Hank Baskett III, NFL Wide Receiver, Makes a Major Commitment to Ending Lung Cancer
The family of NFL wide receiver Hank Baskett III is making a major commitment to helping end lung cancer. His father was diagnosed with the disease in 2011. He is now on a personalized treatment regimen, thanks to a doctor he met at a charity golf tournament.
In addition to his work as a spokesperson for the Bonnie J. Addario Lung Cancer Foundation (ALCF), Hank is also a member of the Griffin Gives Foundation, a non-profit organization that supports active-duty military and their families.
At the beginning of his diagnosis, Hank was told he had six to eight months to live. However, targeted oral therapy saved his life. It eased the side effects of chemo, and ultimately stopped his cancer in its tracks.
After undergoing X-rays and CAT scans, the doctors discovered a lung tumor. Dr. Camidge, who works at the University of Colorado Cancer Center, ran a molecular test on the tumor. When he found the cancer was “ALK-positive,” he put Baskett on a personalized treatment regime.

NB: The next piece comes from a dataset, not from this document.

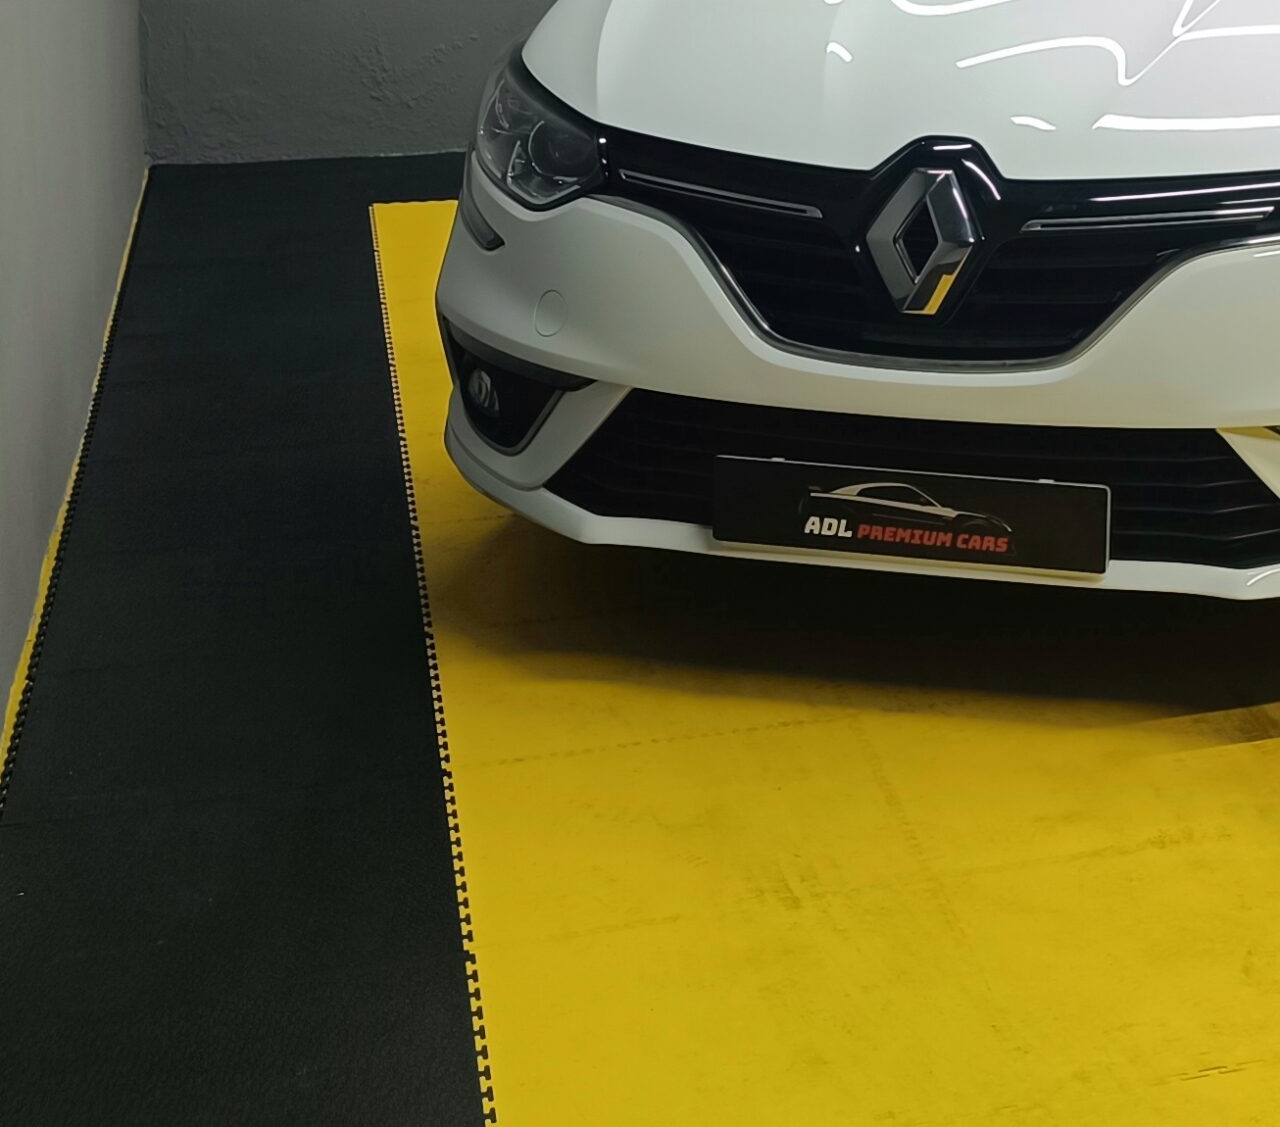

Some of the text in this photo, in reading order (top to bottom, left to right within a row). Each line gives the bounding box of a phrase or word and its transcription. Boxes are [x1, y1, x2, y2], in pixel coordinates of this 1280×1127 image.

Since the treatment, Baskett has made regular trips from Clovis, New Mexico, to the University of Colorado Cancer Center in Denver. He is now focused on his important projects. In March, the United Way of Eastern New Mexico honored Baskett with a Lifetime Achievement Award.
In January, he and his wife filed for divorce. But they are not giving up on their love for each other. They continue to support their children and share a rare photo from their Hawaiian vacation.
In December, Little Hank celebrated his seventh birthday. He wants to have a girl when he grows up. He now attends school and has improved his vocabulary. He is socially aware and is growing up every day.
Baskett’s relationship with ALCF dates back to a charity golf tournament in Los Angeles. He met Bonnie J. Addario, founder of the ALCF, and was put in touch with Dr. Ross Camidge, MD, PhD.
In addition to partnering with the Addario Lung Cancer Foundation, Baskett will be the official spokesperson for the organization at its annual gala in November. The organization is one of the leading charities fighting the disease.
He and his wife have two children: Alijah, who was born seven years ago, and Little Hank. Kendra thinks parents shelter their children too much these days, but she and Baskett have made a conscious effort to make sure their kids know how important they are.
Last year, Draft lost his wife to lung cancer. Despite losing his wife, he has continued to work with the LCF to help fight this debilitating disease. As a former NFL player, he is well-versed in the issue and he is working to raise awareness of the leading killer in the U.S.
On his birthday this year, Baskett will be raising money to help fight lung cancer. He will be appearing at the ALCF 5k charity run in November.
Although Hank’s cancer has not spread, he is still on a daily pill. His new physician re-tested the tumor and found it is “ALK-positive.” Now, Hank is on a personalized treatment regime that is working for him.